Ja idd dat heb ik nu ook echt heel erg, er worden zoveel dingen over verteld!
En ik heb t er net ook nog over gehad met mn vriend en ook hij vind het een twijfelachtig verhaal en wilt ook niet dat ik straks rare bijwerkingen ga krijgen, op die site staat dat je lichaam het virus zelf kan verstoten, en dat die vaccinatie de kans op baarmoederhalskanker zelfs kan vergroten.
Dus ik denk ook niet dat ik hem ga halen, omdat ik zelf al zoveel twijfel kan ik het beter maar niet doen denk ik.

Knuff xxx

----------


## ikke64

Hoi,

Voor deze enting is het vooral belangrijk dat je nog niet besmet bent! Dus nog geen sexueel contact hebt gehad. Elke enting heeft zijn risico's. Maar de moderne entingen zijn erg veilig en kennen weinig problemen. Indien je nog geen sexueel verkeer hebt gehad raad ik aan op de kleine risico's voor lief te nemen en de neting te halen. De kanker die je er mee kunt voorkomen is echt een veel groter risico. Heb je al sexueel verkeer gehad, sla dan over.
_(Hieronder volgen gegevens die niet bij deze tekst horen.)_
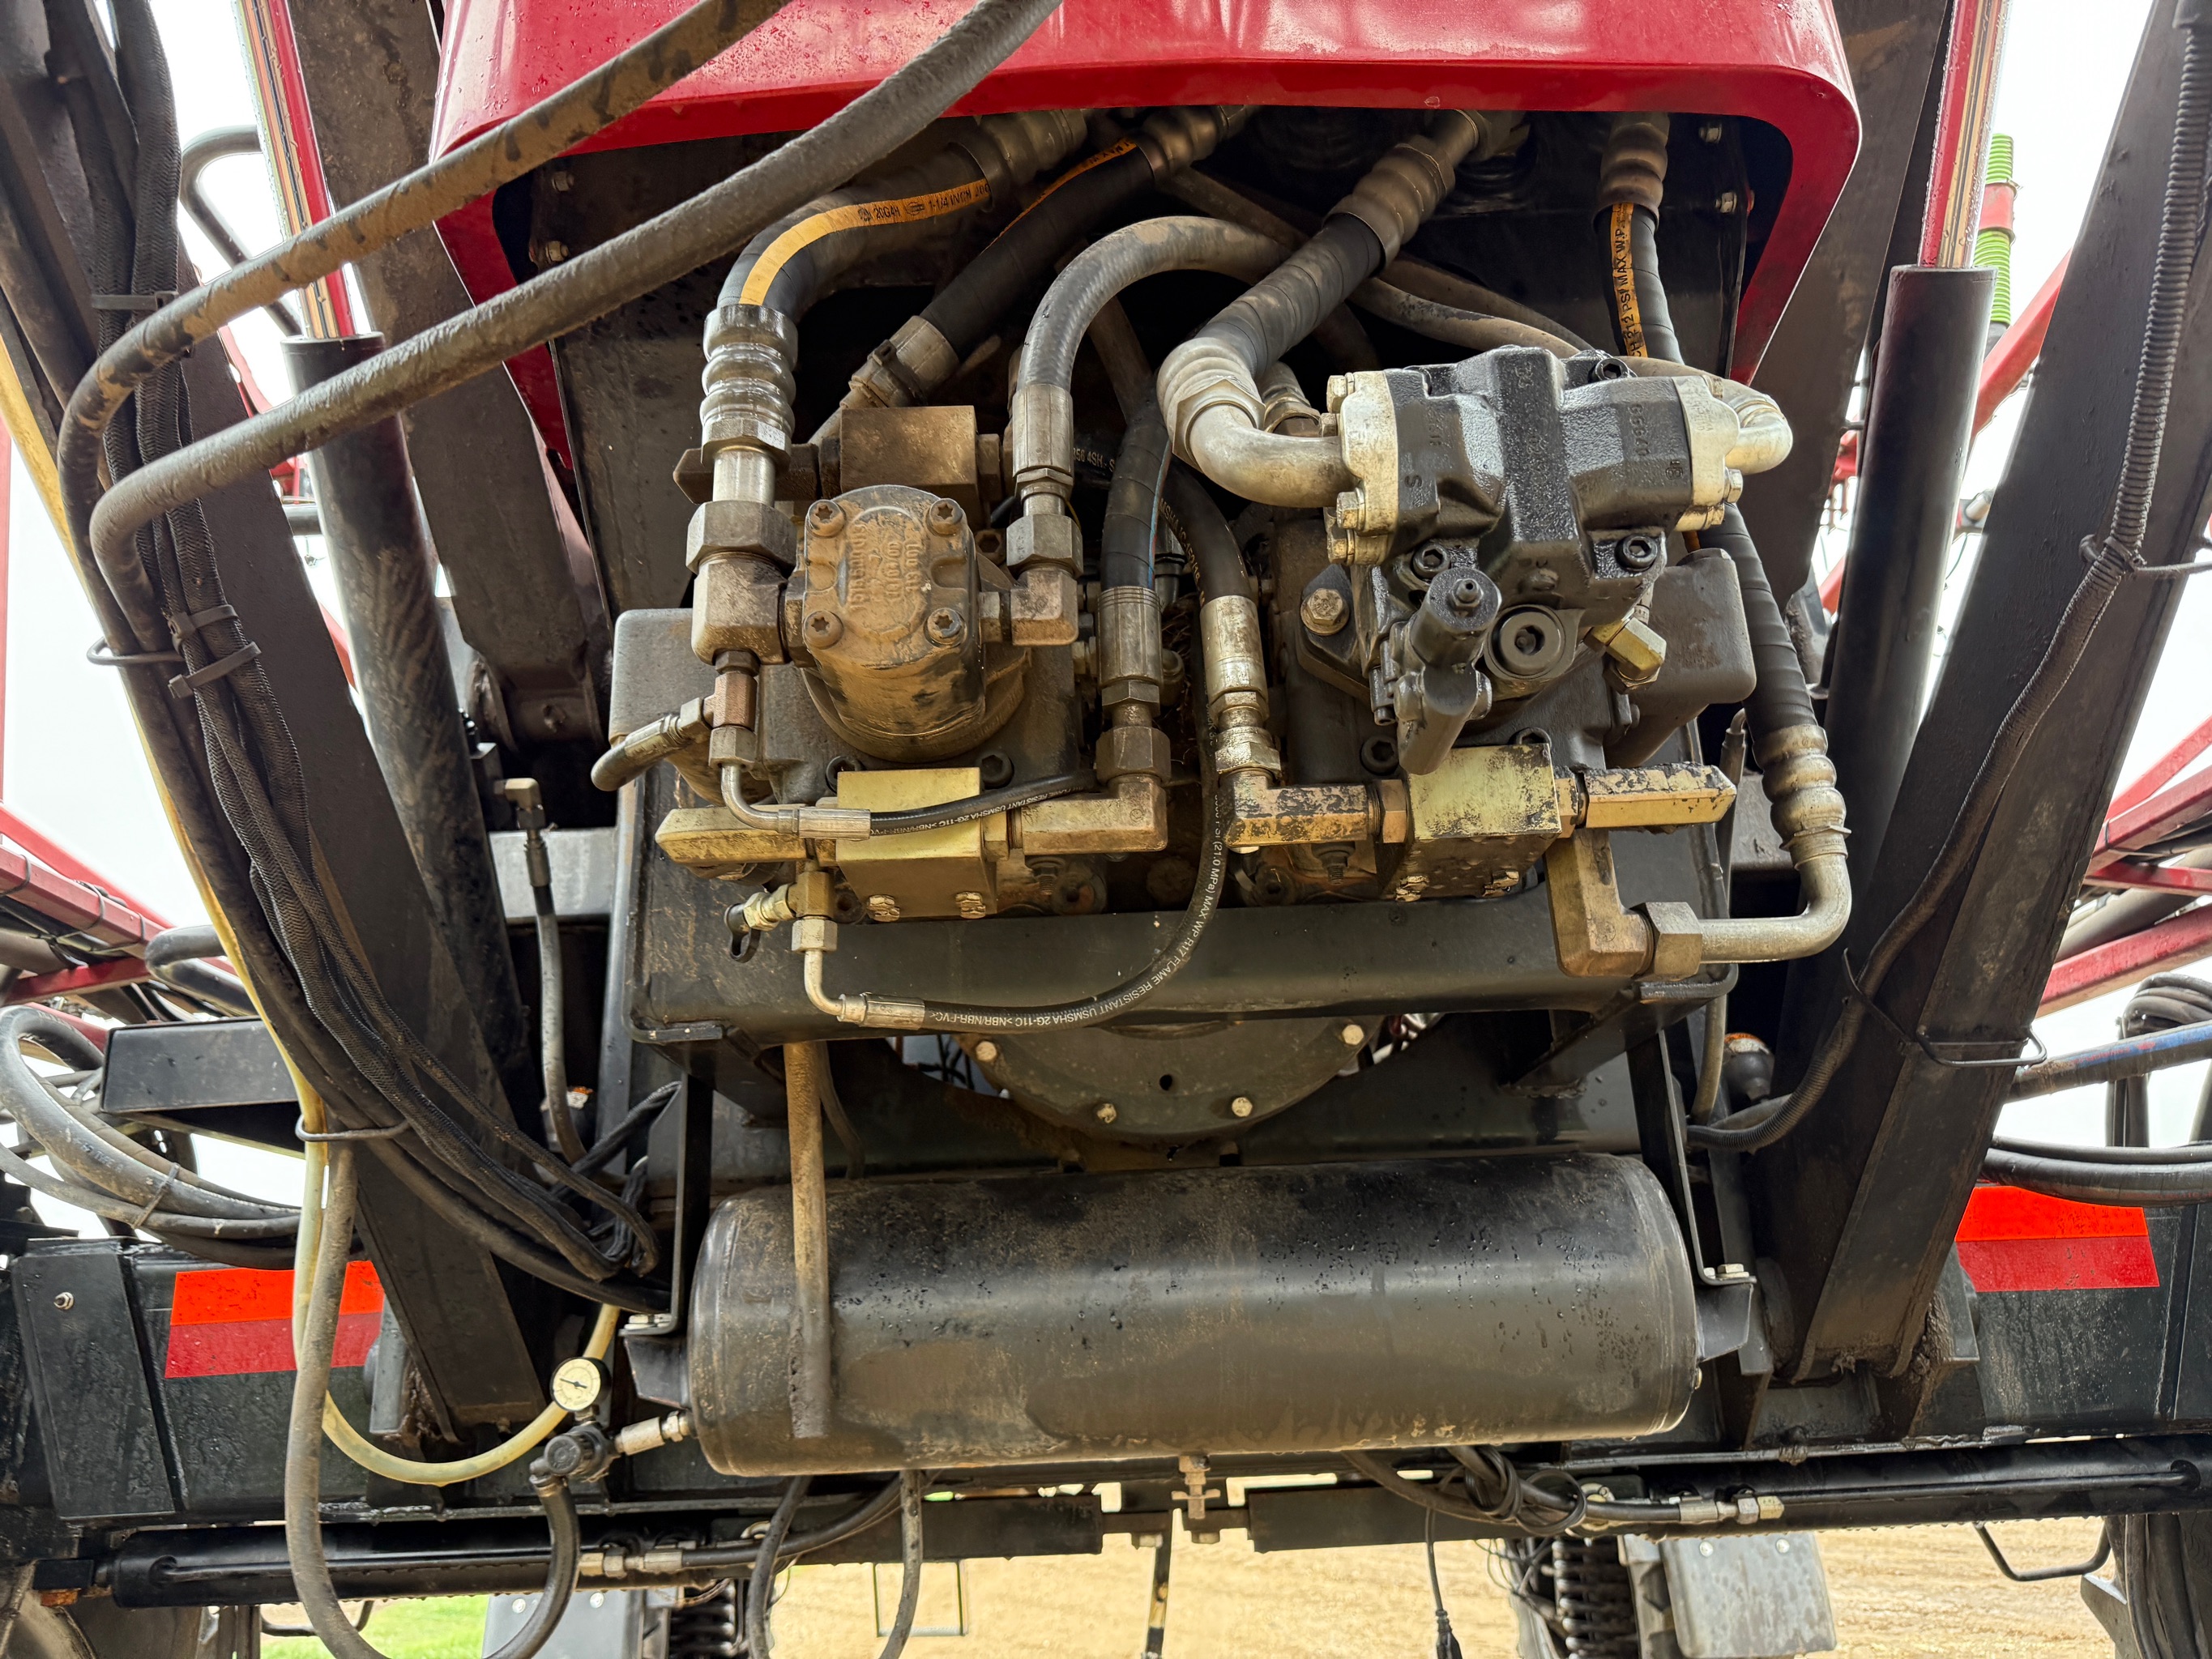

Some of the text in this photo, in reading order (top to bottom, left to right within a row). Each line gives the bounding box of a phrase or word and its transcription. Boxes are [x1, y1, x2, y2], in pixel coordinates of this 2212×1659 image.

In ieder geval krijgt mijn dochter van 11 echt deze enting.

gr John

----------


## Sylvia93

Hoi,

Sja dat is idd het probleem, ik ben al 16 heb een vaste vriend, dus regelmatig seks, en ik had al zo begrepen dat je met enting net zoveel kans zou hebben op bhk als zonder de enting.
Bij ons in de regio enten ze pas bij kinderen van 12 tot 15 (leeftijden kloppen niet echt want ik ben al 16 maar hoor er toch bij omdat het vanaf het jaar 1993 tot 1996 is)
Dus ik ga idd ook maar de enting overslaan.

Gr Sylvia,

----------